(Stored dataset items)
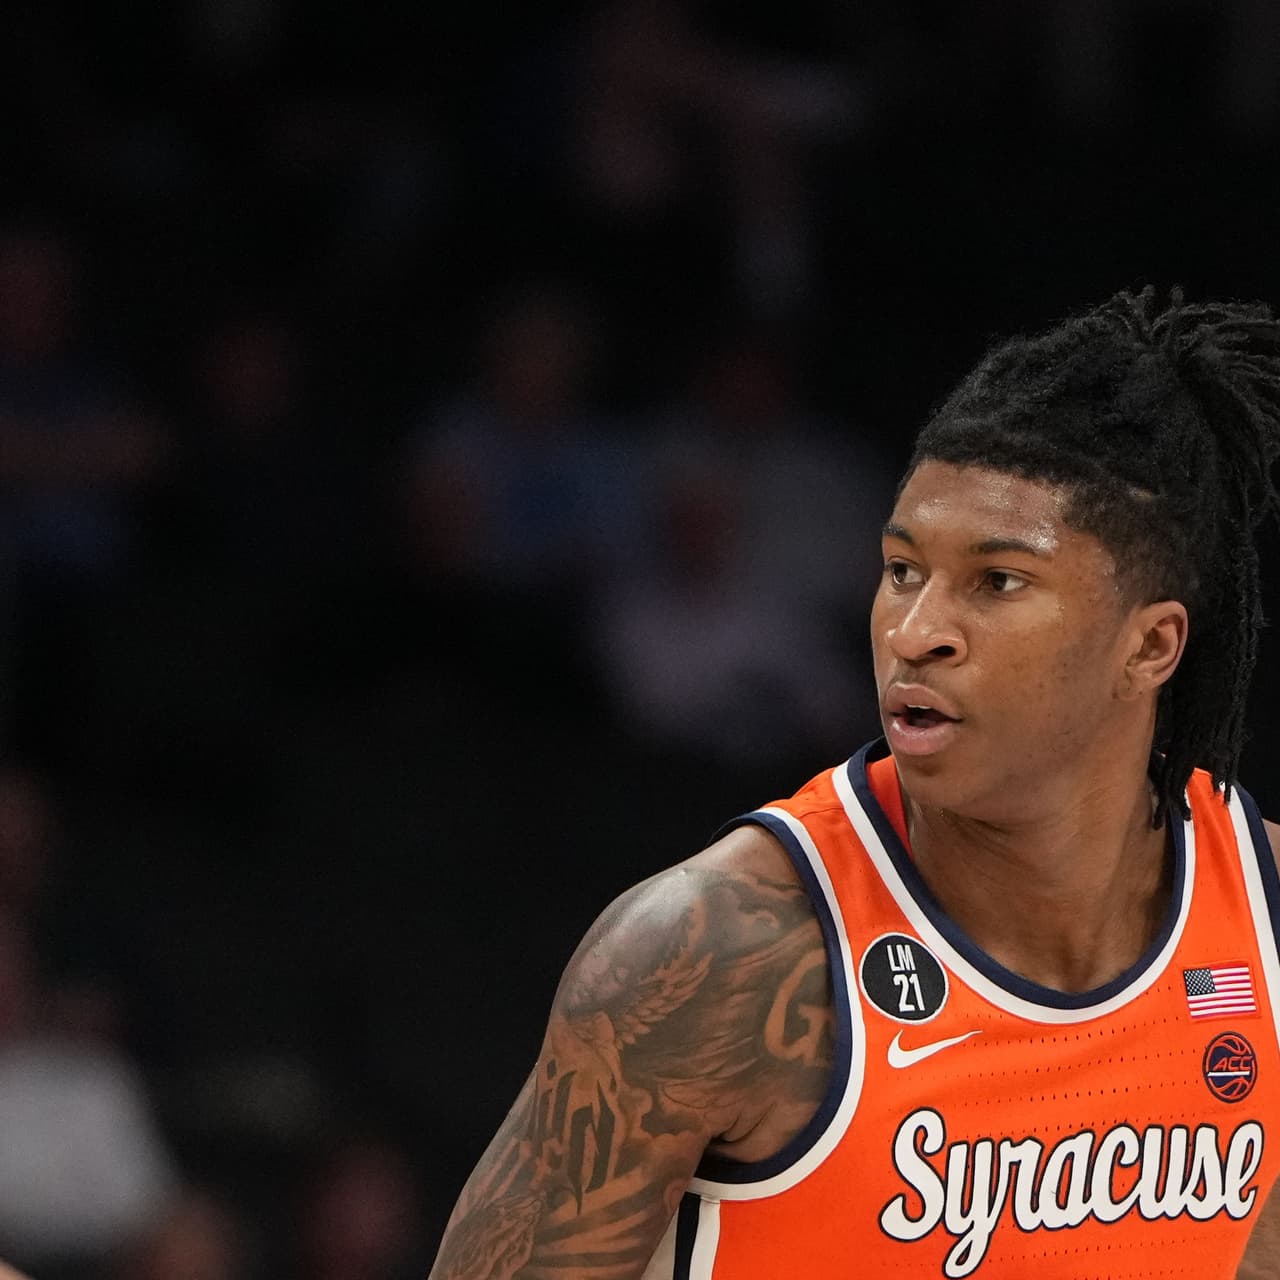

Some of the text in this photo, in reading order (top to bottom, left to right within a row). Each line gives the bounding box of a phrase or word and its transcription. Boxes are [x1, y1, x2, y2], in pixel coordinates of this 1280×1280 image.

[887, 945, 916, 972] LM
[893, 973, 926, 1012] 21
[1213, 1055, 1253, 1072] ACC
[878, 1106, 1264, 1280] Syracuse
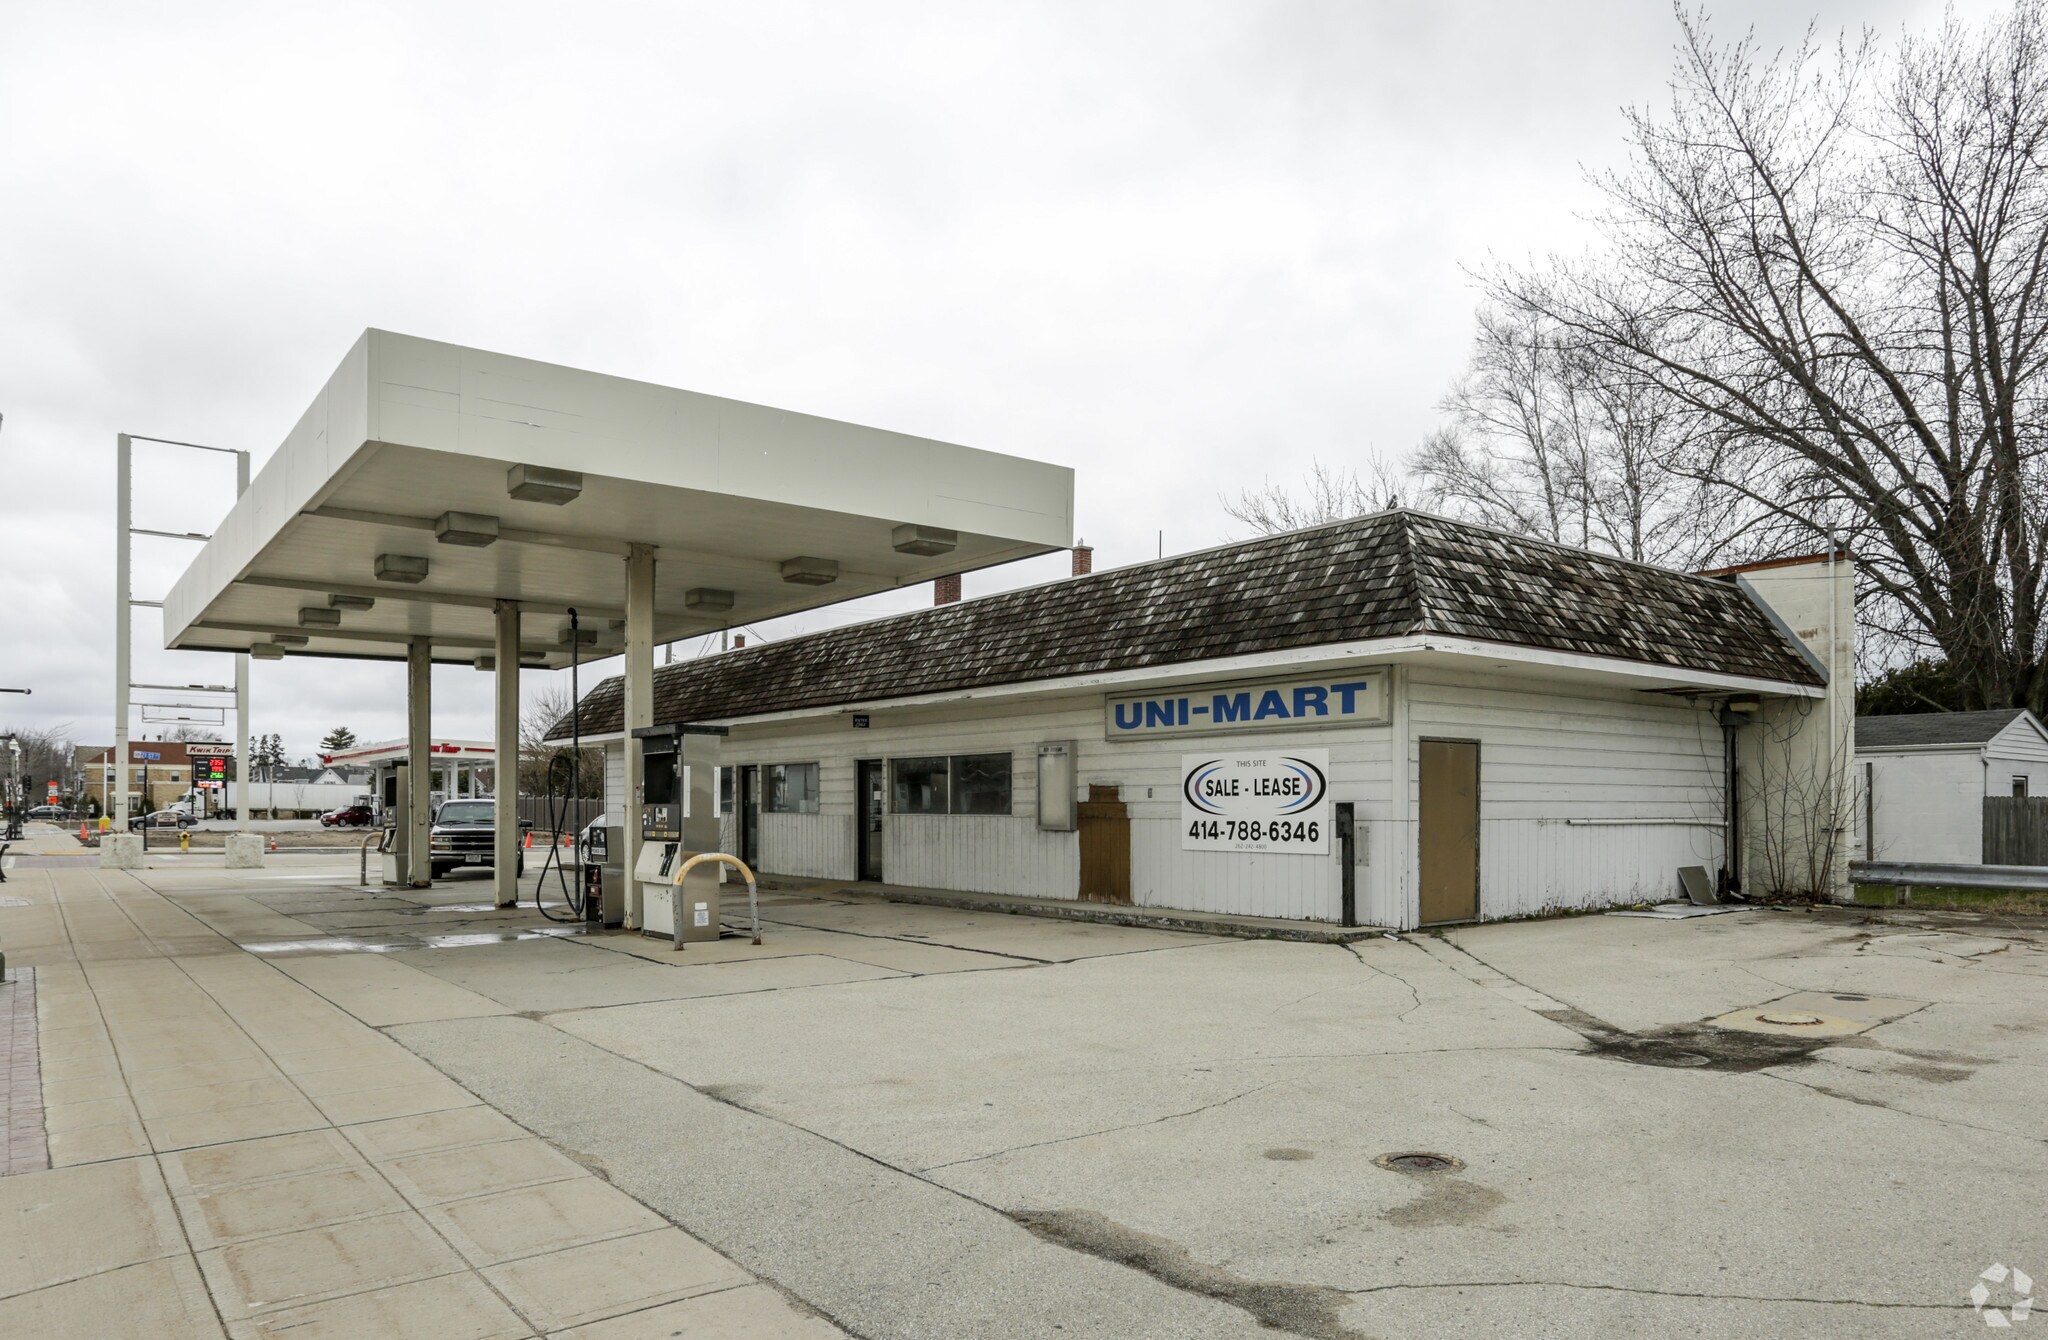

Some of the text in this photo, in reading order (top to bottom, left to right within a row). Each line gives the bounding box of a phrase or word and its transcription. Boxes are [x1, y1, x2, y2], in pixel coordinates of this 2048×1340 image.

[1115, 682, 1367, 730] UNI-MART
[1236, 759, 1267, 768] THIS SITE
[1205, 778, 1239, 797] SALE
[1254, 777, 1301, 797] LEASE
[1189, 820, 1319, 842] 414-788-6346
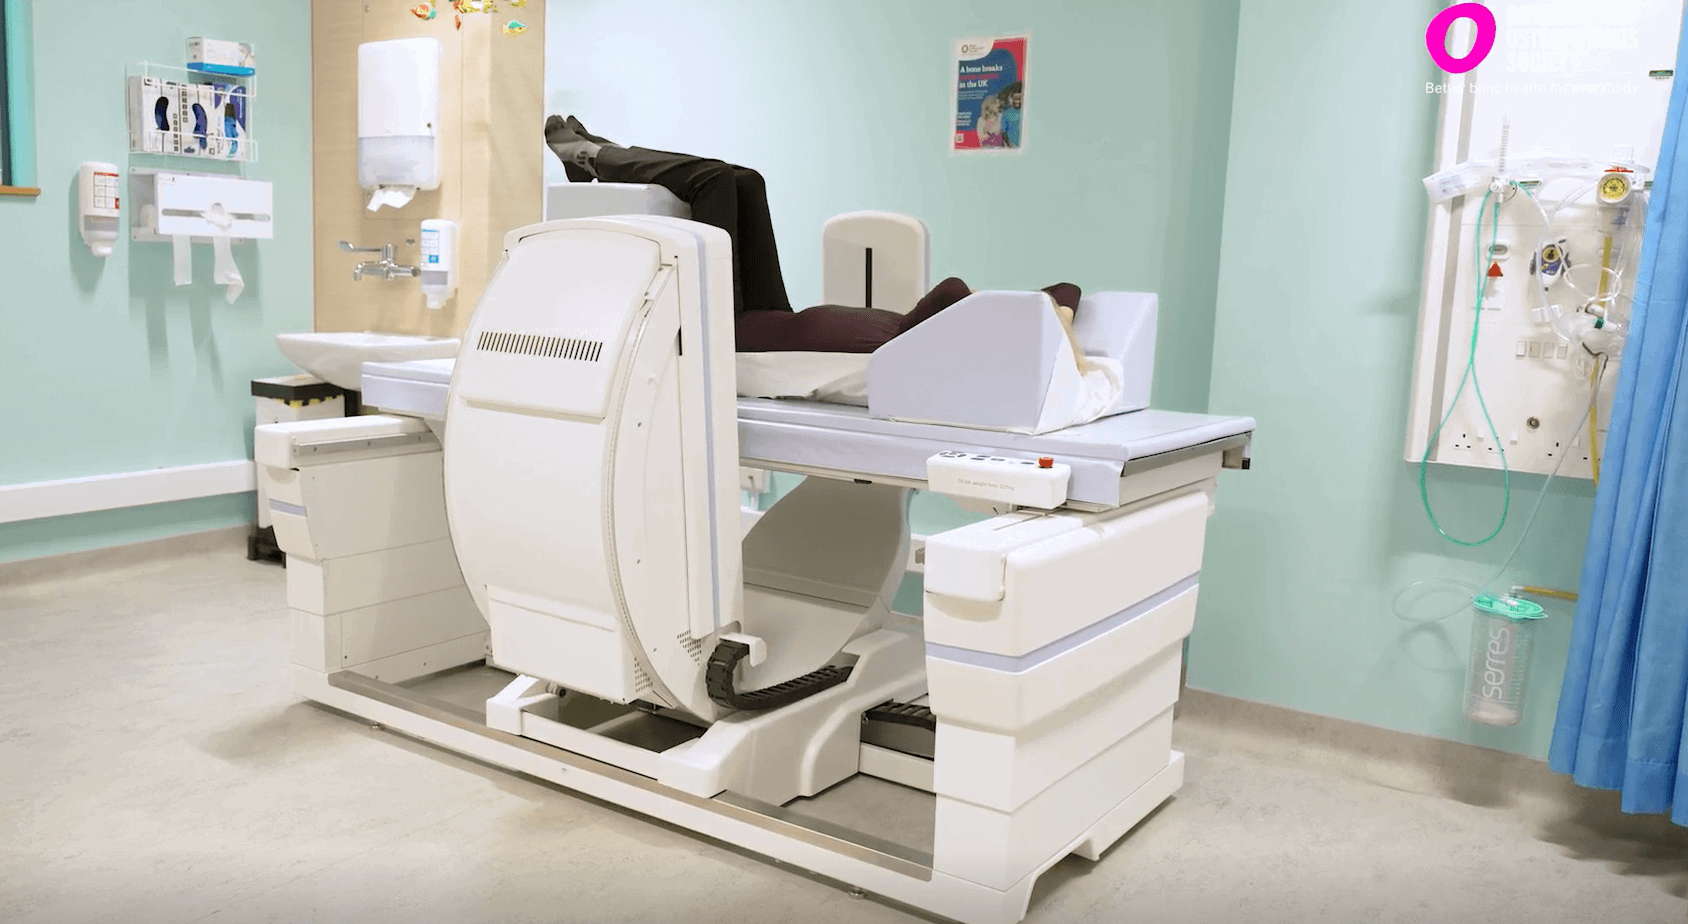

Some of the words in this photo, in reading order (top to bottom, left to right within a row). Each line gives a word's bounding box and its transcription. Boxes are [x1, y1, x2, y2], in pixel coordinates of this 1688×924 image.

[960, 65, 966, 73] A
[966, 65, 981, 73] bone
[982, 64, 1003, 72] breaks
[1482, 627, 1510, 700] serres

# [About this task]
Print all entries exactly, without images.

# [Answer section]
Some of the text in this photo, in reading order (top to bottom, left to right within a row). Each line gives the bounding box of a phrase or word and its transcription. Boxes are [x1, y1, x2, y2], in pixel coordinates of this 1280×1280 image.

[887, 945, 916, 972] LM
[893, 973, 926, 1012] 21
[1213, 1055, 1253, 1072] ACC
[878, 1106, 1264, 1280] Syracuse

Some of the text in this photo, in reading order (top to bottom, left to right within a row). Each line gives the bounding box of a phrase or word and its transcription. Boxes are [x1, y1, x2, y2], in pixel coordinates of this 2048×1340 image.

[1115, 682, 1367, 730] UNI-MART
[1236, 759, 1267, 768] THIS SITE
[1205, 778, 1239, 797] SALE
[1254, 777, 1301, 797] LEASE
[1189, 820, 1319, 842] 414-788-6346

Some of the words in this photo, in reading order (top to bottom, left to right within a row). Each line gives a word's bounding box and its transcription. Boxes are [x1, y1, x2, y2], in pixel coordinates of this 1688×924 image.

[960, 65, 966, 73] A
[966, 65, 981, 73] bone
[982, 64, 1003, 72] breaks
[1482, 627, 1510, 700] serres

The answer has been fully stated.